Once we regard the movies we have seen and the games we have played as geography in the course of life, we have to face the fact that those geography as games, those that exist in digital format are the most difficult to reproduce and repeat. When we try to touch the topic of "geographical narrative in the digital age", we will encounter the dual dilemma of "the geography of the digital age" and "the narration of the digital age": how to define the geography of the digital age? How does this geography combine with the narrative of the digital age? 


I try to outline the game after the RPG era as the dual carrier of digital geography and digital narrative-the game itself is not only a potential digital geography, but also a typical model of digital narrative. But if we go back to the definition of digital geography, we still need to deal with or face the vastness of the digital world / cyberspace: does every game written, every node in cyberspace constitute the geography of the digital age? Personally, the answer is no. I prefer to judge whether the "data" constitutes the geography of the digital age by its accessibility / adjustability and the interactive history of the "data"-for the post-00s generation, the street of Chun-Li fighting on the computer simulator is the uninhabited unknown geography of the digital age. In other words, "interaction + time" has actually become the core standard for judging geography in the digital age.

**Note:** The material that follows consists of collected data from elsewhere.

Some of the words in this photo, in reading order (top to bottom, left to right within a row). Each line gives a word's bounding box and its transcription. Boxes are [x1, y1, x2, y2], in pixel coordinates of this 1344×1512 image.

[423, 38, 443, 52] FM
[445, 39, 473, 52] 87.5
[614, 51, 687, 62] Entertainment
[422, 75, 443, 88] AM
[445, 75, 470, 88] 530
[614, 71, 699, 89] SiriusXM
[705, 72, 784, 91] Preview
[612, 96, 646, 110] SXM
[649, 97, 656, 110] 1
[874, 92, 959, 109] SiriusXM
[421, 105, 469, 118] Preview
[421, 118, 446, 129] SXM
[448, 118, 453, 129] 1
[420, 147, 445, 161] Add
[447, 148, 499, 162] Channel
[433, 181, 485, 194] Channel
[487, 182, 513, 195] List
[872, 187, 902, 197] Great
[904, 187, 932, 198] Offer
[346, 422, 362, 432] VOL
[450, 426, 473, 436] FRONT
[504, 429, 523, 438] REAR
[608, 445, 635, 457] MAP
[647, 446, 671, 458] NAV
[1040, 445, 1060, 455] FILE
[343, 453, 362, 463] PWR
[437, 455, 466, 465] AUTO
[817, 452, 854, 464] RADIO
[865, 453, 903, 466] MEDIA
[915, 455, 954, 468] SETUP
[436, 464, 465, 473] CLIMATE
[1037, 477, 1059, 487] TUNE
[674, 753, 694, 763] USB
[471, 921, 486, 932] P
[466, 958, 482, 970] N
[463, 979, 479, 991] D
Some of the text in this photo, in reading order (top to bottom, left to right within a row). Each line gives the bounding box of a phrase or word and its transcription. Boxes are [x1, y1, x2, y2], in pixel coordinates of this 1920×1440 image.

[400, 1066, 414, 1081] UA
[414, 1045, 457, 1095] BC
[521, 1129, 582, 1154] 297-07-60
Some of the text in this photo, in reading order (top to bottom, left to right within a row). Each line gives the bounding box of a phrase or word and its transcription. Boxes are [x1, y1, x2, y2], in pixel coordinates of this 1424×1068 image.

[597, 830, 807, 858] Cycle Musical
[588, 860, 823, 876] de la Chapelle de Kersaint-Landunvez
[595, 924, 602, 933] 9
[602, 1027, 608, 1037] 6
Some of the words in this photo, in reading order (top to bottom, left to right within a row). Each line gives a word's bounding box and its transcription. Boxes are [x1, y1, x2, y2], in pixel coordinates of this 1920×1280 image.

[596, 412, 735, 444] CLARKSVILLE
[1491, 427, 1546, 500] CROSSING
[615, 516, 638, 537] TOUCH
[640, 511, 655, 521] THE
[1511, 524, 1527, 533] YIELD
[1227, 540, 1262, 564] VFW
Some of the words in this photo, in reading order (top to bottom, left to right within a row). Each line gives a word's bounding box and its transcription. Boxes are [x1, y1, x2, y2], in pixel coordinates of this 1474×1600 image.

It is deeply surprising that the film, a slightly old medium, is particularly competent for the visual presentation of digital narrative-in the movie "Nerve", we clearly see how ancient games are crazily reborn with the help of mobile Internet technology, and the real geography of the old era and the virtual geography of the digital age are also perfectly nested in the film, so that I have to predict: in the digital age, The new and old geography and the new and old narration will mirror each other and nest each other. In this kind of mapping overlap, human subjectivity will encounter great challenges, and examining subjectivity by examining the interaction I participate in may be the only way I can think of at present. 


"The new and old geography and the new and old narratives will mirror each other and nest each other." Why does it challenge the status of human subjectivity? First of all, there is no inevitable relationship between new and old geography and whether people are subject or not. people can look for their own experiences and traces of time in various geographical environments, as long as you can find or create a new unknown field. getting your own unprecedented experience, whether in the data age or in the past, does not prevent people from becoming the subject, because the subject and object itself is defined by the person.